Difficulty of AVCHD

Hello,

I'm going to be purchasing an HD camera soon, and after months of research, I still cannot decide between HDV and AVCHD. There are advantages to both. I'm not a big fan of tapes but AVCHD is more expensive and harder to edit. My main question I have is, how difficult is editing AVCHD with Sony Vegas Pro 9? I understand that Vegas supports the AVCHD files but I don't know if I'll be able to edit in real time or if it will be very slow and freeze often. I'm assuming my PC's capability makes a big difference. My PC is an HP P6320Y with 8 GB of DDR3 RAM and an Nvidia Geforce 9100 graphics card.
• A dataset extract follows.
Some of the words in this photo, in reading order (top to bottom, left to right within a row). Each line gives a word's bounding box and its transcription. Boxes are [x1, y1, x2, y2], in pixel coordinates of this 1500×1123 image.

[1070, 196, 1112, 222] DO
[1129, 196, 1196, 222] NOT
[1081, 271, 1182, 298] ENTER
I love the instant playback ability of flash memory without running the risk of taping over things. Plus, flash captures much faster than tape. But the cameras are more expensive, plus if I have to spend another $100 on Cineform NeoScene to convert the AVCHD files...I don't know. I'm just trying make a good investment without breaking the bank, because I'm going to need a mic at some point in the near future as well.

Any suggestions would be welcome.

Thanks.
 
Hello,

I'm going to be purchasing an HD camera soon, and after months of research, I still cannot decide between HDV and AVCHD. There are advantages to both. I'm not a big fan of tapes but AVCHD is more expensive and harder to edit. My main question I have is, how difficult is editing AVCHD with Sony Vegas Pro 9? I understand that Vegas supports the AVCHD files but I don't know if I'll be able to edit in real time or if it will be very slow and freeze often. I'm assuming my PC's capability makes a big difference. My PC is an HP P6320Y with 8 GB of DDR3 RAM and an Nvidia Geforce 9100 graphics card.
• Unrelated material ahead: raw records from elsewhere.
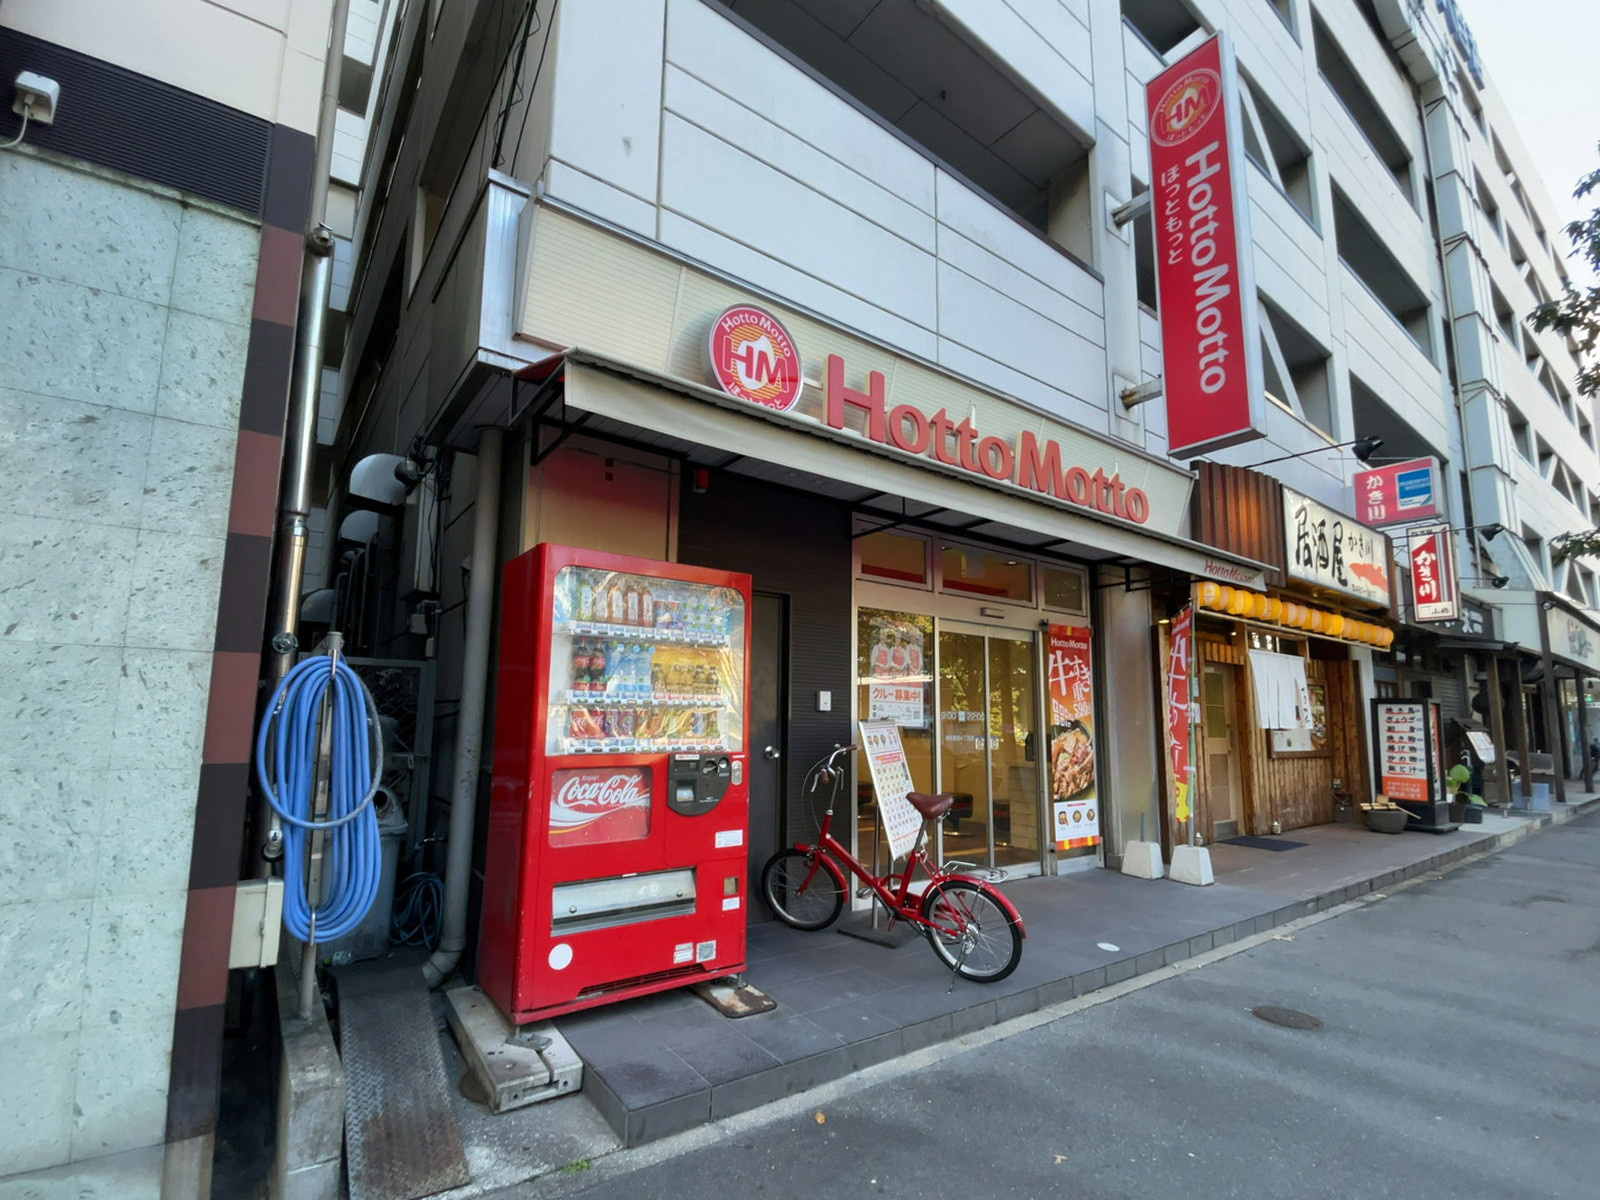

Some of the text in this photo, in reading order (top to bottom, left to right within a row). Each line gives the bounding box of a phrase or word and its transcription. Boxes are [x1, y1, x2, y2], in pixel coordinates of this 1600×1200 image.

[1160, 164, 1184, 265] ほっともっと
[1185, 140, 1231, 394] HottoMotto
[722, 335, 790, 394] HM
[822, 353, 1150, 525] HottoMotto
[1366, 475, 1386, 521] かき川
[1294, 505, 1348, 587] 居酒屋
[1414, 550, 1437, 601] かき川
[1051, 638, 1088, 649] HottoMotto
I love the instant playback ability of flash memory without running the risk of taping over things. Plus, flash captures much faster than tape. But the cameras are more expensive, plus if I have to spend another $100 on Cineform NeoScene to convert the AVCHD files...I don't know. I'm just trying make a good investment without breaking the bank, because I'm going to need a mic at some point in the near future as well.

Any suggestions would be welcome.

Thanks.
You'd probably want to get Cineform even if you go with HDV over AVCHD.. it's just one of those tools that makes editing HD footage a LOT more managable.
 
I have a pretty weak PC and I edit in Vegas Pro 8 using AVCHD format. It doesn't freeze on me ever, but it does not playback smoothly in the preview. It might be my system or it might be the touchyness of AVCHD. I think Neoscene would clear this up for me but alas, my system does not meet it's minimum requirements.
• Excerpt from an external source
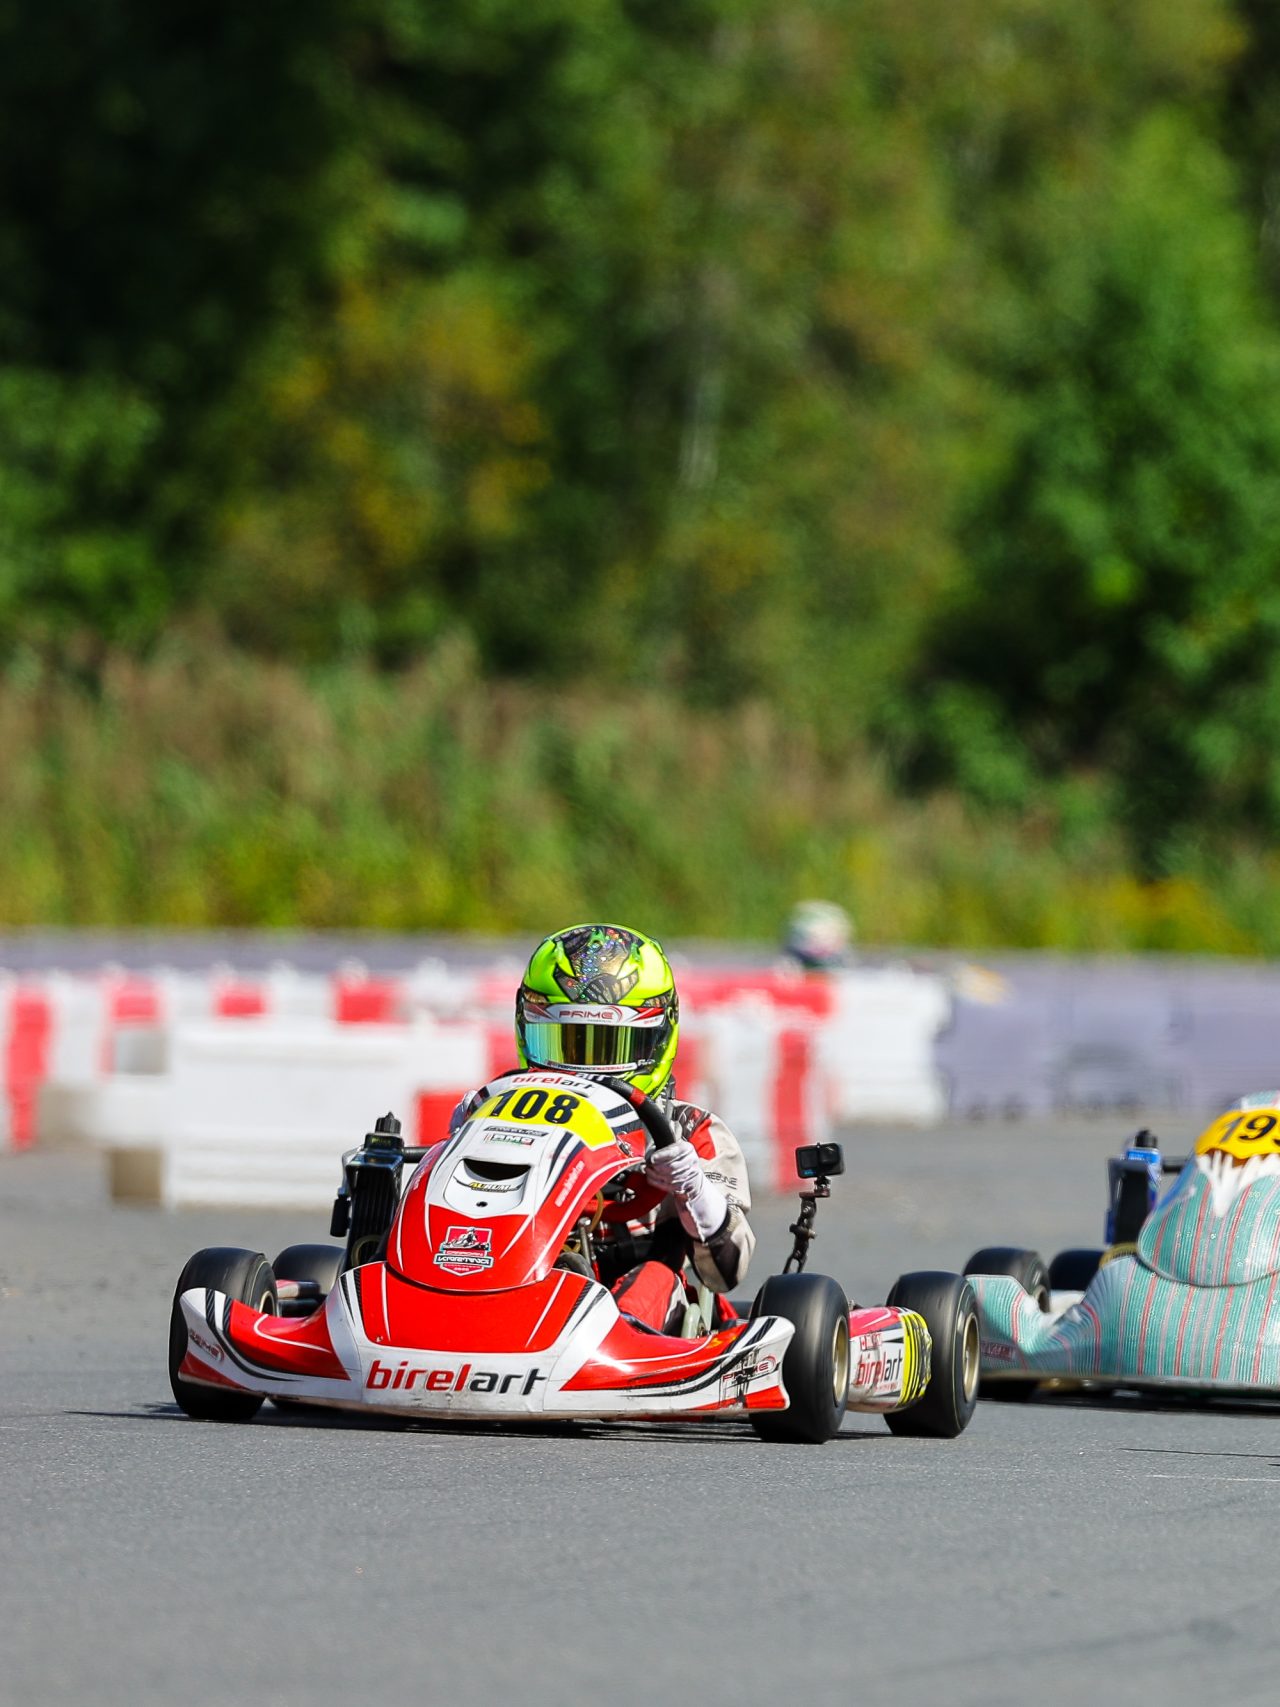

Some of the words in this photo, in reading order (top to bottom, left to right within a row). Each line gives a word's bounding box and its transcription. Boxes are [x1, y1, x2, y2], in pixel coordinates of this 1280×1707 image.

One note on the skippy playback. Audio playback is smooth and I think if you narrow the work area bar it will ram preview more smoothly, although I don't know what the max is. After render it's always smooth, and usually if you import that back into Vegas it will preview smoothly until you add a bunch of effects and such.

I still would recommend it over tapes, but I'm just a millenial and biased towards digital :P
 
I'm almost embarrassed to ask this, but with my computer specs: Intel core 2 Duo 2.2 GHz, 2 GB of RAM on a 32 bit operating system, would AVCHD editing be possible even with Neoscene?
 
I'm almost embarrassed to ask this, but with my computer specs: Intel core 2 Duo 2.2 GHz, 2 GB of RAM on a 32 bit operating system, would AVCHD editing be possible even with Neoscene?

The manual says core 2 duo w/ 2.66 GHz with 3 GB of RAM minimum, so I don't know. Neoscene converts the file to Cineform, so you would be editing that instead of AVCHD format.
 
My old Macbook had issues with certain HD footage that was recorded at a high mbs. I don't have any problem editing AVCHD footage on my new one and it is a Mac laptop as well. 4GB RAM and at least 2.0-2.3 Ghz processor should do.